Personality Subtypes
					

Personality Subtypes?  So you may have read the companion guide and came across this:   It doesn’t elaborate beyond that, but we have found information that suggests these subtypes exist.  It’s called NpcTalkType    What does it do?  As far as we know currently, the only thing NpcTalkType affect...




					docs.google.com
				



Stoney on Discord has their own document with some additional observations. I'd recommend everyone check this out.


----------



## Mairen (Apr 30, 2020)

From what I can understand from this, the subtypes don't effect activities or hobbies that the villagers partake in. It just effects a small portion of their dialogue. Otherwise, the personality types of A and B are still basically the same. Is that correct so far?  Is there an example of the various dialogue that you can get from the types?
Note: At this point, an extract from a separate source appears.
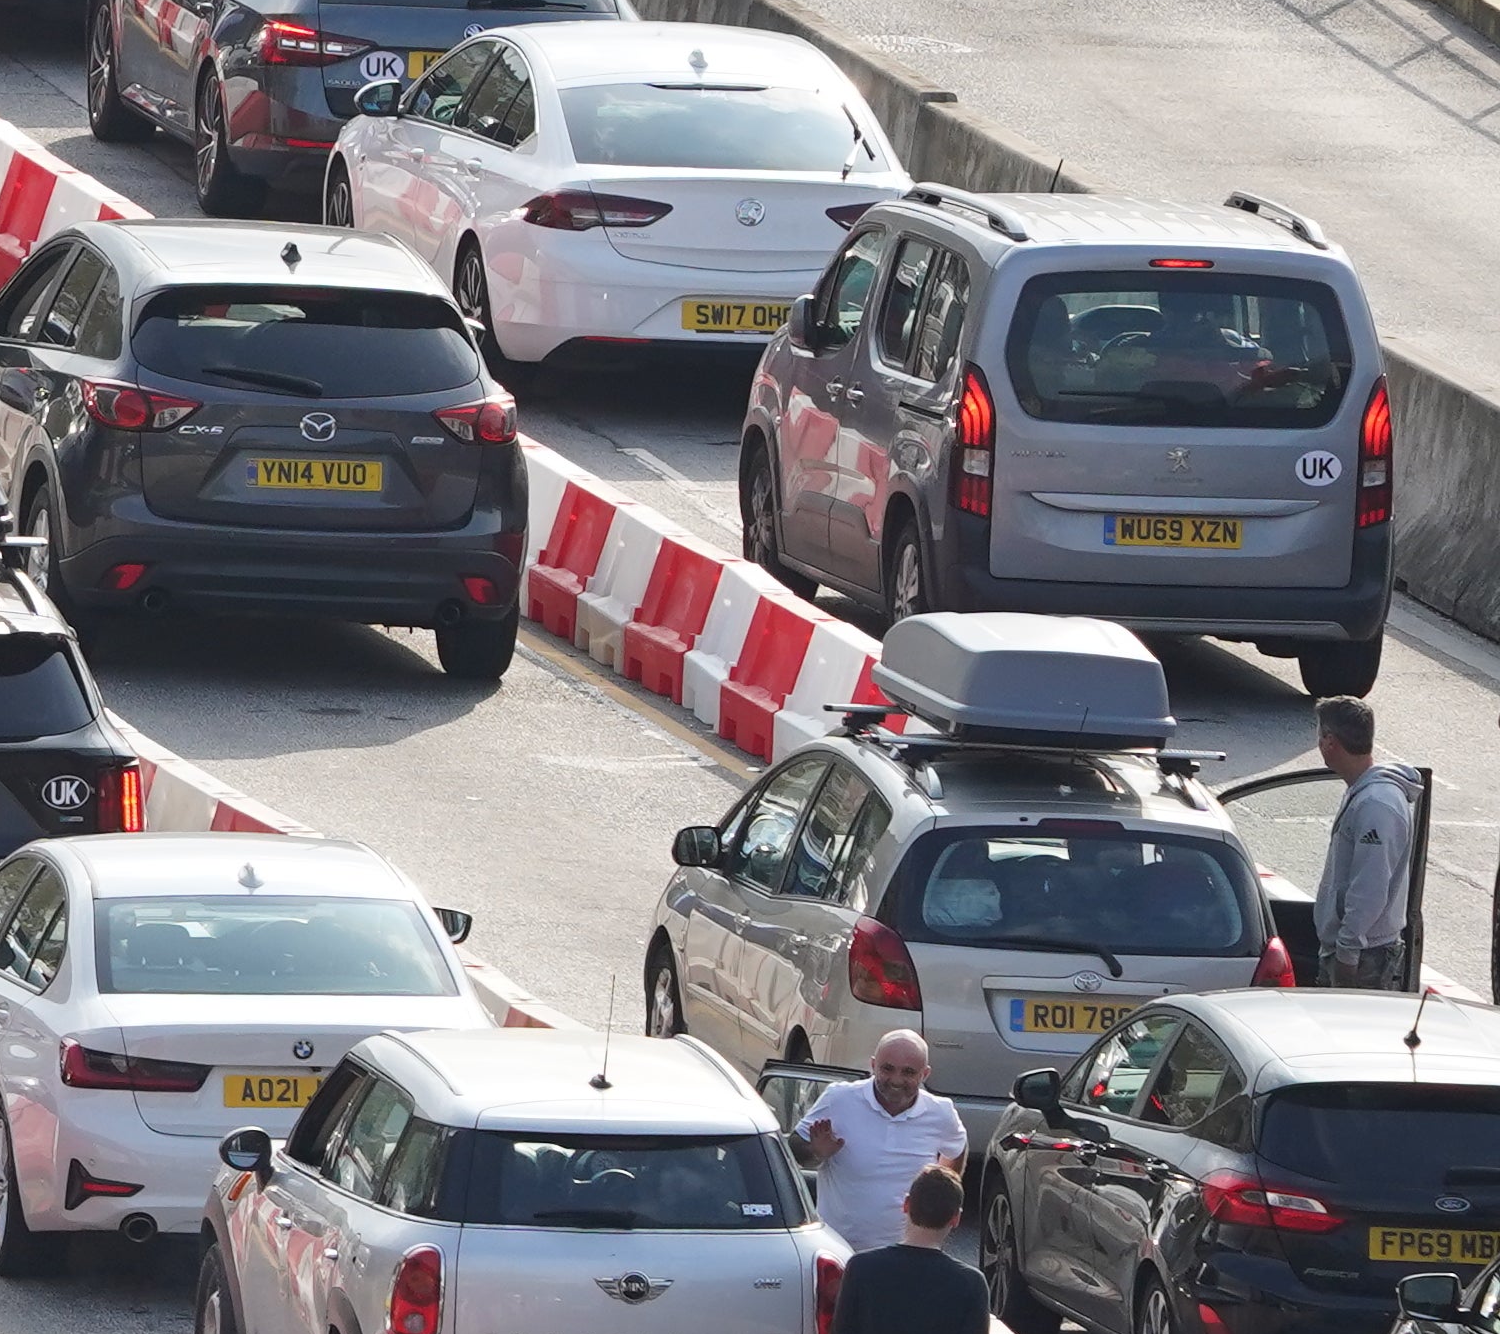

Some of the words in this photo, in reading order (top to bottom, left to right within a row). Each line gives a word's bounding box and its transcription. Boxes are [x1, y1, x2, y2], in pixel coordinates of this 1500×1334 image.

Meaning, what is some Jock A dialogue that we'd get vs. Jock B dialogue. (or feel free to provide examples from any personality)


----------



## Underneath The Stars (Apr 30, 2020)

oh thanks for the info, we were convinced it affects the hobbies because they all have different ones... why does my punchy or apple never sings??? T_T


----------



## aibo (Apr 30, 2020)

Mairen said:


> From what I can understand from this, the subtypes don't effect activities or hobbies that the villagers partake in. It just effects a small portion of their dialogue. Otherwise, the personality types of A and B are still basically the same. Is that correct so far?  Is there an example of the various dialogue that you can get from the types? Meaning, what is some Jock A dialogue that we'd get vs. Jock B dialogue. (or feel free to provide examples from any personality)


The subtypes themselves only effect the dialogue. Stoney (read link above) points out that Cranky A villagers are exclusively Education or Music while the Cranky B villagers are exclusively Nature, for instance, so the subtypes will fall into one or two hobbies as well. They *are* separate, though, with cross-over between the personality types- and they effect totally different things (overworld actions vs dialogue)- so please don't confuse them.
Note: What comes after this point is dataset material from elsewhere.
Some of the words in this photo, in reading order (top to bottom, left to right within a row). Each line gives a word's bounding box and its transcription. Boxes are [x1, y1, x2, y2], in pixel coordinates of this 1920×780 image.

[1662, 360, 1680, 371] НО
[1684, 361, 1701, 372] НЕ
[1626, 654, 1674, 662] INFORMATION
99% of dialogue between the subtypes are completely the same. Please follow the instructions in the OP to view the specific dialogue.
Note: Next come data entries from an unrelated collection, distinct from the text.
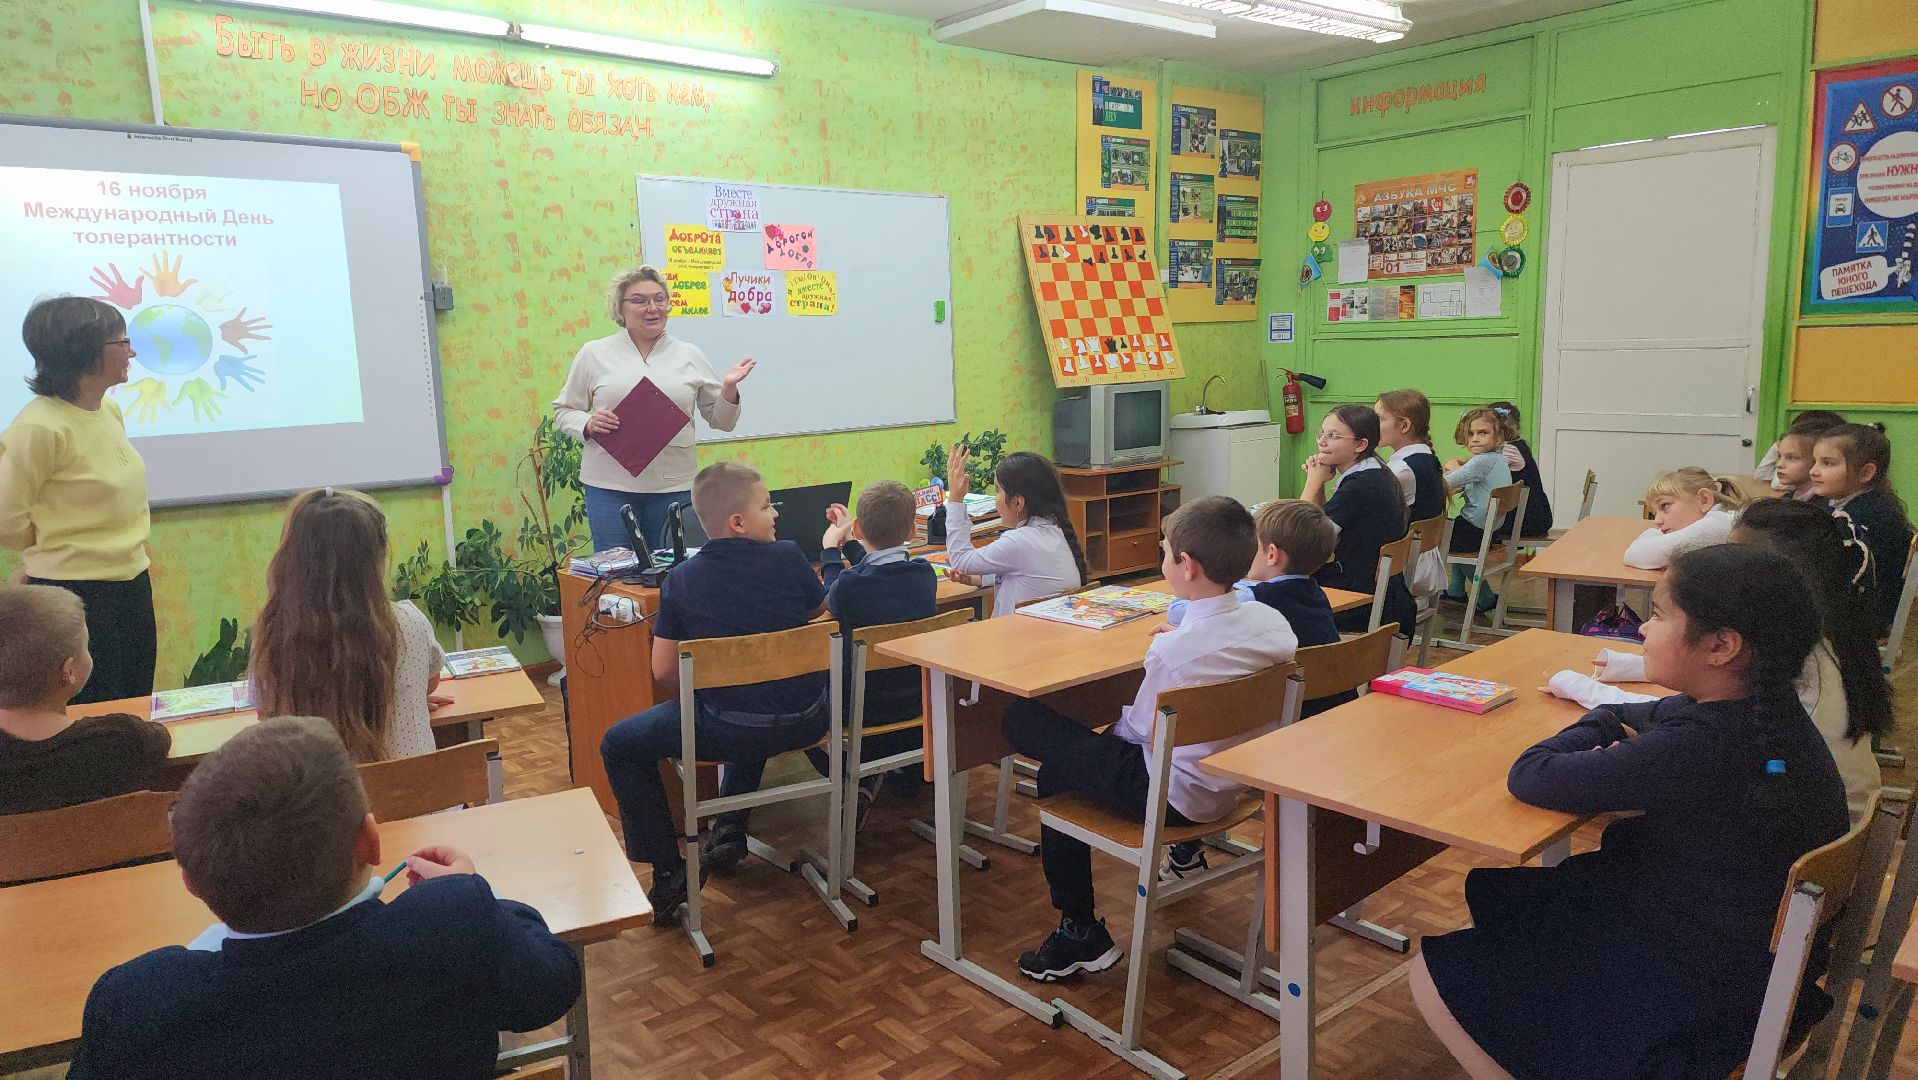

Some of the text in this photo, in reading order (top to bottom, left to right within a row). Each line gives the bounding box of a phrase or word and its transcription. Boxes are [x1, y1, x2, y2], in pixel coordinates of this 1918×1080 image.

[357, 82, 431, 120] ОБЖ
[97, 180, 207, 202] 16 ноября
[715, 185, 753, 199] Вместе
[1374, 189, 1424, 202] АЗБУКА
[1426, 183, 1457, 196] МЧС
[710, 199, 757, 208] дружная
[23, 201, 275, 227] Международный День
[709, 208, 760, 222] страна
[72, 230, 237, 248] толерантности
[1386, 262, 1401, 273] 01
[1832, 261, 1873, 277] ПАМЯТКА
[731, 272, 771, 288] Лучики
[1837, 272, 1869, 286] ЮНОГО
[728, 286, 772, 306] добра
[1831, 281, 1878, 297] ПЕШЕХОДА
[789, 299, 835, 313] страна!
Underneath The Stars said:


> oh thanks for the info, we were convinced it affects the hobbies because they all have different ones... why does my punchy or apple never sings??? T_T


Punchy is Lazy-A and Apple is Peppy-B, and both have the interest Play. Music types have the greatest chance of singing.


----------



## Underneath The Stars (Apr 30, 2020)

aibo said:


> The subtypes themselves only effect the dialogue. Stoney (read link above) points out that Cranky A villagers are exclusively Education or Music while the Cranky B villagers are exclusively Nature, for instance, so the subtypes will fall into one or two hobbies as well. They *are* separate, though, with cross-over between the personality types- and they effect totally different things (overworld actions vs dialogue)- so please don't confuse them.
> 
> 99% of dialogue between the subtypes are completely the same. Please follow the instructions in the OP to view the specific dialogue.
> 
> ...



thanks! is there are data of sub-types per villager somewhere?


----------



## aibo (Apr 30, 2020)

Underneath The Stars said:


> thanks! is there are data of sub-types per villager somewhere?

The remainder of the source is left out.